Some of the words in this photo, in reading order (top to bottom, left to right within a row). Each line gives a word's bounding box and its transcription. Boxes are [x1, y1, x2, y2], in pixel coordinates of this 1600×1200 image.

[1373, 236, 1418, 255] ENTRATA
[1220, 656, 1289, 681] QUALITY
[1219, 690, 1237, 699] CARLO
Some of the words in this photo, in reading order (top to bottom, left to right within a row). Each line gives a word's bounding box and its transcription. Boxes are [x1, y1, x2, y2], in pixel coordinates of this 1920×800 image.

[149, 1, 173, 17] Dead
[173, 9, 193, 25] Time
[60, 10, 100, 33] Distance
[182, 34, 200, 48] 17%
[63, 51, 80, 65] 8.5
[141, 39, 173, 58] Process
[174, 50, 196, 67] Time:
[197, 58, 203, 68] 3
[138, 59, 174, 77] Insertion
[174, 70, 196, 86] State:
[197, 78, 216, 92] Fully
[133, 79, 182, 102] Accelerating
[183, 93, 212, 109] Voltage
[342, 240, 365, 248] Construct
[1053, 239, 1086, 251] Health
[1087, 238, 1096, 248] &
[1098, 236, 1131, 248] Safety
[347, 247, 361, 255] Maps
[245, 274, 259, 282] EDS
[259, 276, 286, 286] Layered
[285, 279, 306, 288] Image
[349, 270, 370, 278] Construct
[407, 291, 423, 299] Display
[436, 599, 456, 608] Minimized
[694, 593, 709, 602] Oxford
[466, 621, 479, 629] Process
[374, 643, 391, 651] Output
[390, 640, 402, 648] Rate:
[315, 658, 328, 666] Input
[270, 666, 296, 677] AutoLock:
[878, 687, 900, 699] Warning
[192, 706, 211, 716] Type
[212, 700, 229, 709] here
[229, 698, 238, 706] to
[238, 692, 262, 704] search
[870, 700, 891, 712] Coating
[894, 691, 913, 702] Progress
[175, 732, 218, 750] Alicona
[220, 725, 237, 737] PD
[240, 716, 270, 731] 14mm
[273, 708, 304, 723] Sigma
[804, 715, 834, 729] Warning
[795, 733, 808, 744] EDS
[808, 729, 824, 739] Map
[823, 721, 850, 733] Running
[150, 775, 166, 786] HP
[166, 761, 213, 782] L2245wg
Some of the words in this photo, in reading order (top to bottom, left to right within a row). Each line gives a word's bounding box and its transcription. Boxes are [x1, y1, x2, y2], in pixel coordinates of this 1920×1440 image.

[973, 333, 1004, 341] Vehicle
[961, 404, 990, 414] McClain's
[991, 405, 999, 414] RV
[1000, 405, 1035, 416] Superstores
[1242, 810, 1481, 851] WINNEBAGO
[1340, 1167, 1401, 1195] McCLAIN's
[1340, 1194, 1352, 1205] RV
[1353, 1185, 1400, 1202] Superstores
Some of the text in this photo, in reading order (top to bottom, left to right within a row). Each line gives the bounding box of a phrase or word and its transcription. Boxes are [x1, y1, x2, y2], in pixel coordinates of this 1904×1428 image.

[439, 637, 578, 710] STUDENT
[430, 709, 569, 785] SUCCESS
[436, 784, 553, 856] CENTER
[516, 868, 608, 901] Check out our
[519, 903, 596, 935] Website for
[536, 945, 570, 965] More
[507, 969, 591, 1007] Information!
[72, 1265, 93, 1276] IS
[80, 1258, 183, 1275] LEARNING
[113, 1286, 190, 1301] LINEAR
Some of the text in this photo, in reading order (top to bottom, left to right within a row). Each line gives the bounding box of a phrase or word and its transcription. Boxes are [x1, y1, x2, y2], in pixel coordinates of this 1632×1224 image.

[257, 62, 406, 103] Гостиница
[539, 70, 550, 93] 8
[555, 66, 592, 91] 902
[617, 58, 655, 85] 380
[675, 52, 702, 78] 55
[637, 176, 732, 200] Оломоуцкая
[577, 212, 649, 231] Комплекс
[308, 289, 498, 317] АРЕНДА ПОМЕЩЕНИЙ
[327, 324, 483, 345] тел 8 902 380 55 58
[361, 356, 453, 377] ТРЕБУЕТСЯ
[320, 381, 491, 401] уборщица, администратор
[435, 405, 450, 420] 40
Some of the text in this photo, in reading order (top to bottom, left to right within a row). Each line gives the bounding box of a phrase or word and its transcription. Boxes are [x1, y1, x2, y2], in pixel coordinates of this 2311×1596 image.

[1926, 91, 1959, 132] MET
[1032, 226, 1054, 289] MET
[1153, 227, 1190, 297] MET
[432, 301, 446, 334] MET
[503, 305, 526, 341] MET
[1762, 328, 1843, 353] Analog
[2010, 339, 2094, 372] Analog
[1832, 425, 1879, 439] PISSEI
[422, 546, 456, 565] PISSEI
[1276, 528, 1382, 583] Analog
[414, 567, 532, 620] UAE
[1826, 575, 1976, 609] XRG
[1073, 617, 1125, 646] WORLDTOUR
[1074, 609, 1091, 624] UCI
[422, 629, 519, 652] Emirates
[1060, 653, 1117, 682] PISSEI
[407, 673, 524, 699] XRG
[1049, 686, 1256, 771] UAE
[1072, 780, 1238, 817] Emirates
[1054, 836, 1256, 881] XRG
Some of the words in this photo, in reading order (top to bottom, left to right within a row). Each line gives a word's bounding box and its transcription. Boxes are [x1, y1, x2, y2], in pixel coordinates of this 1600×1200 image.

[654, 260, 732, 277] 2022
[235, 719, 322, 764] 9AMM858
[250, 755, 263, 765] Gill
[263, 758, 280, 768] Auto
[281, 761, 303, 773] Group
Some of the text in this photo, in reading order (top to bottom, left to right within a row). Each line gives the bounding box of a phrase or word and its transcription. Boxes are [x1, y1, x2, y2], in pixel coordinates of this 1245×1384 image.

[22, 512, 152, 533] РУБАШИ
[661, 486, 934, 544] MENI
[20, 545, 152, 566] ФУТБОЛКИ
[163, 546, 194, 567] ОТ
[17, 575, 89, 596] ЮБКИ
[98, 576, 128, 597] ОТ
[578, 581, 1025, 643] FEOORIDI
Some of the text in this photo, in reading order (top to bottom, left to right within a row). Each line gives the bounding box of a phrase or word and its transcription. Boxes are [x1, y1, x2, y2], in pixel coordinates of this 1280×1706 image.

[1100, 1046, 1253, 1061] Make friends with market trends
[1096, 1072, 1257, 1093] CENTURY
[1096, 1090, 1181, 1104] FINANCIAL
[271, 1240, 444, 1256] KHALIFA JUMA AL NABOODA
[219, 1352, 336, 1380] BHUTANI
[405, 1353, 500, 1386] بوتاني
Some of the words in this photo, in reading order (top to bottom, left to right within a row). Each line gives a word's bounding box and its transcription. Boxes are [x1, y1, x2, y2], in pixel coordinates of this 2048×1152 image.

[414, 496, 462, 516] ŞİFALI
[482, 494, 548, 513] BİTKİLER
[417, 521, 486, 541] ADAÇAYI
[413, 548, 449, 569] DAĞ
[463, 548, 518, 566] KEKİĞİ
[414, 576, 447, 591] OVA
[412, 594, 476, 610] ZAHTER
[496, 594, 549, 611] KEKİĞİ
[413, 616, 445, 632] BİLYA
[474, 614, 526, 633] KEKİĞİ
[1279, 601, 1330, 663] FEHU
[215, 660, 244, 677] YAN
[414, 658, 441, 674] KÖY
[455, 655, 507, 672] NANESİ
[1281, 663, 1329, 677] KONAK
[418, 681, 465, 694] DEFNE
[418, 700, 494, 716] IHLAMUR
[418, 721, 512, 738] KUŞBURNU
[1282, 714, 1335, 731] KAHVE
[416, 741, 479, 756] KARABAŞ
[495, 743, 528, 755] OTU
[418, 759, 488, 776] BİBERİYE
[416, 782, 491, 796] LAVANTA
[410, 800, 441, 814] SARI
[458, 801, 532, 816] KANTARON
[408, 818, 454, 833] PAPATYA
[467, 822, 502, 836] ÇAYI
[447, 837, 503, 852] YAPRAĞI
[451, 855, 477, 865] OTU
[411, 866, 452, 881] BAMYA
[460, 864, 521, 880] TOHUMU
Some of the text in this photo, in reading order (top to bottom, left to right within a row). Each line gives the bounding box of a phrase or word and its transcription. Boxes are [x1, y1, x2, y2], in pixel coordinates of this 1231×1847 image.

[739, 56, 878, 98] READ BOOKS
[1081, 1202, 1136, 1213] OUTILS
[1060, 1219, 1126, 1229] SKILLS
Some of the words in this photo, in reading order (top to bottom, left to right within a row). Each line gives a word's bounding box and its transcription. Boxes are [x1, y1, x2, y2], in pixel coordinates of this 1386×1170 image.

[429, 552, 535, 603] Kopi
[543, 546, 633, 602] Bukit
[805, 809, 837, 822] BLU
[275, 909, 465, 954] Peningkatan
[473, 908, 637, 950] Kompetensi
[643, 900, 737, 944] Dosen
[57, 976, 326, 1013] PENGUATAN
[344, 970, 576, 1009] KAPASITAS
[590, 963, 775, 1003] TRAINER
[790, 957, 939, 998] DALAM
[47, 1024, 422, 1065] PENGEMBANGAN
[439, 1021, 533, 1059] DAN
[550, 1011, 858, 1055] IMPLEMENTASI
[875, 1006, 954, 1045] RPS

TASK TO CARRY OUT:
Could you print exactly the lines from the one containing "this 1386×1170 image." through the last line of the records above?

ANSWER BELOW:
Some of the words in this photo, in reading order (top to bottom, left to right within a row). Each line gives a word's bounding box and its transcription. Boxes are [x1, y1, x2, y2], in pixel coordinates of this 1386×1170 image.

[429, 552, 535, 603] Kopi
[543, 546, 633, 602] Bukit
[805, 809, 837, 822] BLU
[275, 909, 465, 954] Peningkatan
[473, 908, 637, 950] Kompetensi
[643, 900, 737, 944] Dosen
[57, 976, 326, 1013] PENGUATAN
[344, 970, 576, 1009] KAPASITAS
[590, 963, 775, 1003] TRAINER
[790, 957, 939, 998] DALAM
[47, 1024, 422, 1065] PENGEMBANGAN
[439, 1021, 533, 1059] DAN
[550, 1011, 858, 1055] IMPLEMENTASI
[875, 1006, 954, 1045] RPS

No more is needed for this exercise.